Thursday 15 November 2012

New from Five Leaves, The Open Door by Alan Sillitoe

The Open DoorFive Leaves' Bromley House Editions book this year is The Open Door by Alan Sillitoe. The Open Door follows Saturday Night and Sunday Morning as the final volume in the Seaton series.
Returning on a troopship from Malaya in 1949, Brian Seaton (Arthur's brother) comes back to a Nottingham world of rationing, the black market, a wife he no longer loves and a child who does not recognise him. He is full of life and lust, but he has tuberculosis, forcing a long stay in a military hospital where he falls for first one nurse, then a second, while carrying on a relationship with another TB sufferer back in Nottingham.
In the background, this partially autobiographical novel reveals that Seaton is starting to write, meeting others like him as he realises there is a wider world than the back streets of his Midlands home.
Copies available from http://www.inpressbooks.co.uk/the-open-door/.
Alan Sillitoe is no longer with us, but Nottingham is determined to celebrate his life and work as never before. A few months after he died, in 2010, Five Leaves organised a day event about Alan attended by around 200 people. Since then the films of his books have appeared regularly, plays, a musical and two weeks ago a second day was held organised by the local Alan Sillitoe Committee, a bit less reverential than the first, as it should be given the passage of time.
The big one will, however, be the forthcoming exhibition at Lakeside Gallery, which opens this weekend and runs until February. Early details are on  http://www.lakesidearts.org.uk/Exhibitions.html. The Five Leaves connections here include some of Peter Mortimer's photos (from Made in Nottingham) in the exhibition and on Saturday 26th January I'll be curating (everyone's a curator these days, have you noticed?) an afternoon session on Nottingham working class life and leasure. I'll post more on this soon, but I think it safe to safe to say that the Lakeside cafe had better get in some extra scones. This exhibition will be just so busy.
Anyone reading this before 6.30 on Monday 19 November will be welcome to attend the book launch of The Open Door at Bromley House Library, Angel Row, Nottingham, which will be attended by the poet Ruth Fainlight and her and Alan's son, David Sillitoe. Let me know on info@fiveleaves.co.uk if you are coming.

Saturday 10 November 2012

Autonomy, book of the year

Autonomy_coverAt the well-attended memorial meeting for our writer Colin Ward, Daniel Poyner approached me saying he was looking for a publisher for a collection of covers of the journal Anarchy, edited for a decade by Colin Ward from 1961-1970. To an outsider, the thought of a book comprising 118 covers of a long-defunct magazine that never sold more than 3,000 copies, that would have to be in full colour, might seem deranged even by the standards of small presses.

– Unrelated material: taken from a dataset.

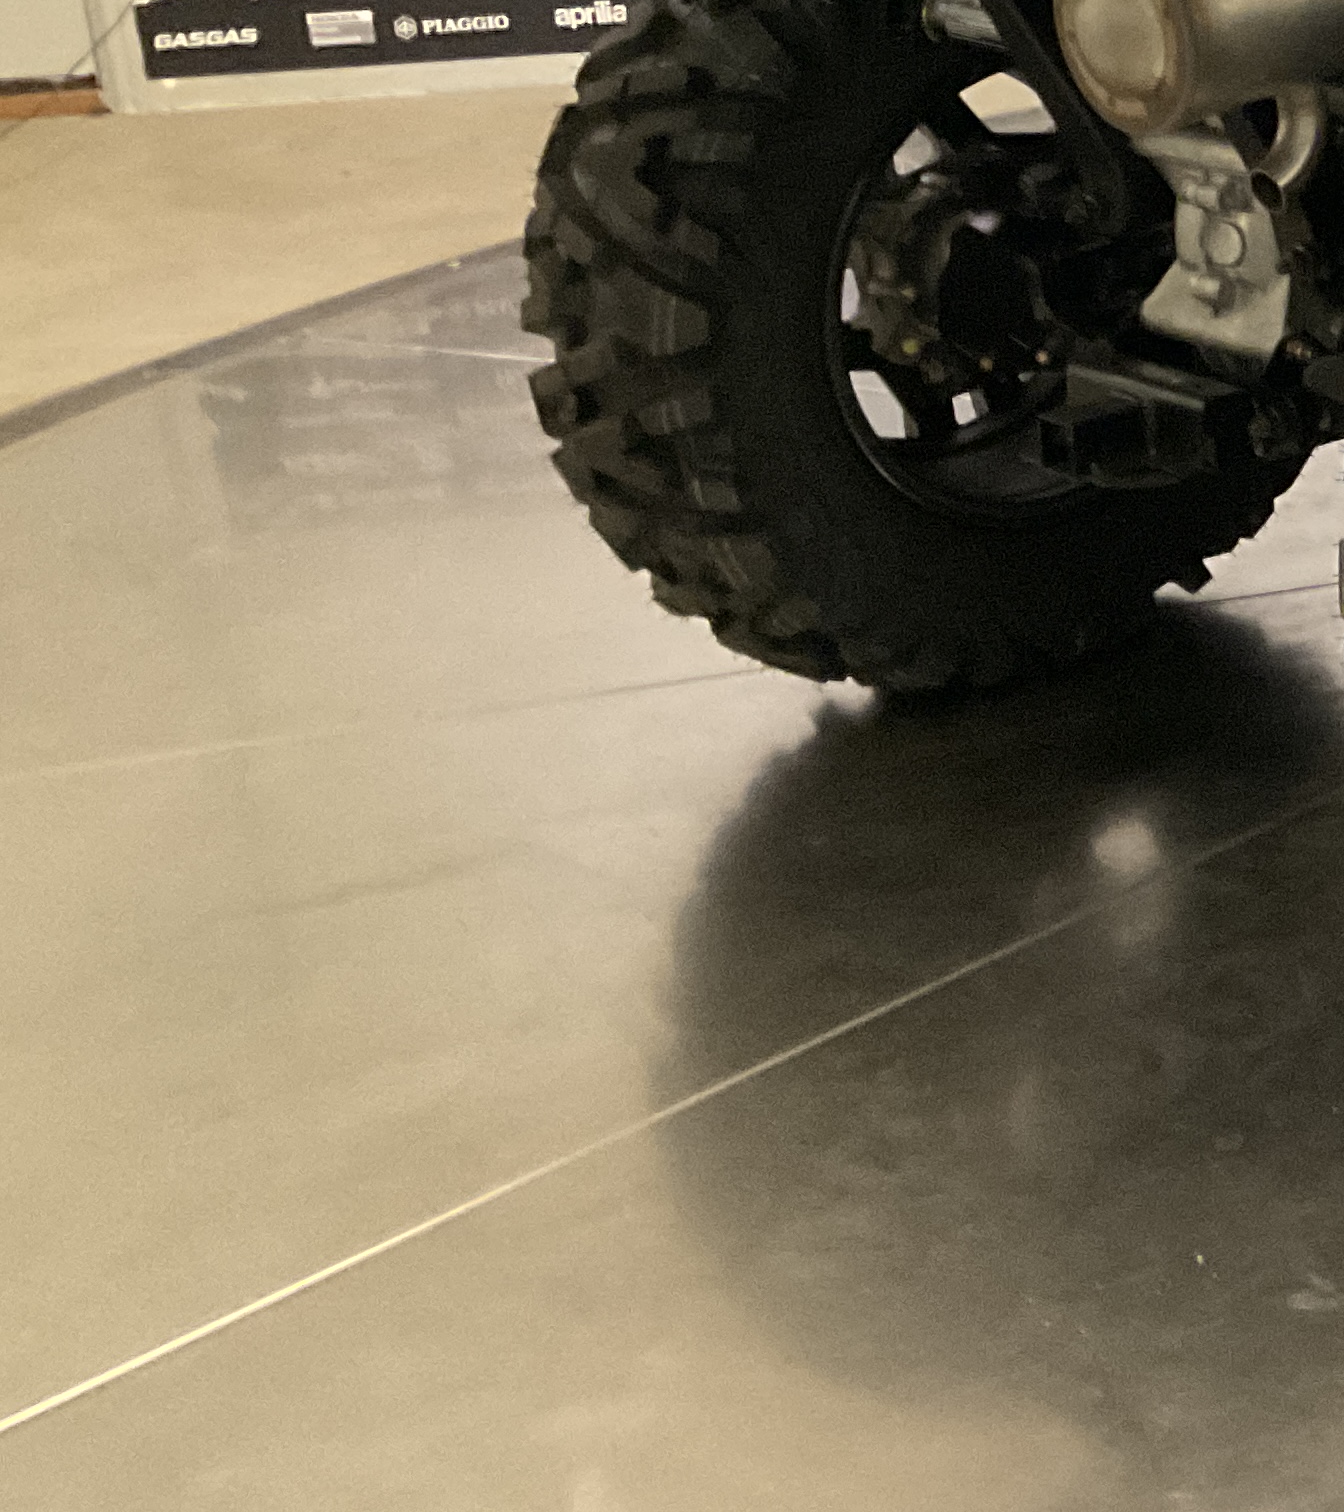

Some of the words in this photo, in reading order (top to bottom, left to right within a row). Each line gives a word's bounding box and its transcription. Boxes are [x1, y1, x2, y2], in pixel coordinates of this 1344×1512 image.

[422, 14, 509, 34] PIAGGIO
[555, 0, 627, 29] aprilia
[154, 28, 257, 50] GASGAS

I gave it serious consideration. I am not the only person who came to politics later than the life of the journal who has a near complete run of Anarchy. The journal had influence; Colin Ward brought in writers who were exploring new ideas on practical issues like adventure playgrounds, libertarian education.... Colin had no time for what he called "tittle tattle", the internecine squabbles endemic on the left. This was a journal of practical anarchy, described by the late Raphael Samuel as "...represent[ing] better than any other publication the cultural revolution of the 1960s; and it did so far earlier than anyone else and ... more thoughtfully".
I was tempted but was concerned that the cohort of sociologists, planners, educators and anarchists interested in the magazine was small and ageing. How could I sell enough copies to avoid terrible losses?
I am glad to say that Daniel Poyner found a better way, by publishing the book with the excellent design and typography specialist press Hyphen, with what is clearly heavy involvement by Hyphen's Robin Kinross - because there is the second market, which I did not think of, those who will cast a designer's eye over the covers, mostly by Rufus Segar. And what a job Hyphen has done with the book! Every cover is reprinted, in colour, front and back together with essays by Raphael Samuel on Anarchy, an interview with Rufus Segar and an essay by Richard Hollis (who runs a small part of the Five Leaves list) on the magazine's layout and typography. That essay alone is a masterful run through of how design, typography and printing worked in those days of hot metal. The work is completed by an index to the journal by Robin Kinross, which will certainly lead some readers to start looking around for old copies.
As it happens, I have a few spare, held back for swaps for my own missing numbers. Get in touch if you have any going spare yourself...
The book is called Autonomy, the title Colin originally wanted for the journal. He was, I think correctly, over-ruled by his colleagues at Freedom in favour of Anarchy (Freedom was in 1961 a weekly paper, which then moved to three times a month with Anarchy appearing on the fourth week). The book is not cheap - £25, but that is for a large format paperback with french flaps, 304 pages and 303 illustrations, all but ten in colour. It is worth it.
With a couple of months still to go, I can safely say that this will be my book of the year. Further information from http://www.hyphenpress.co.uk/.
Though Autonomy is now available, it will be launched at Housmans Bookshop on Saturday 9th February at 6.30, together with the Five Leaves book (also already out)  Talking Green, twelve lectures by Colin Ward. Daniel Poyner will present his book and there will be contributions by Ken Worpole on Colin's life and work and Richard Hollis on Rufus Segar's design. Rufus will be there, as will Harriet Ward.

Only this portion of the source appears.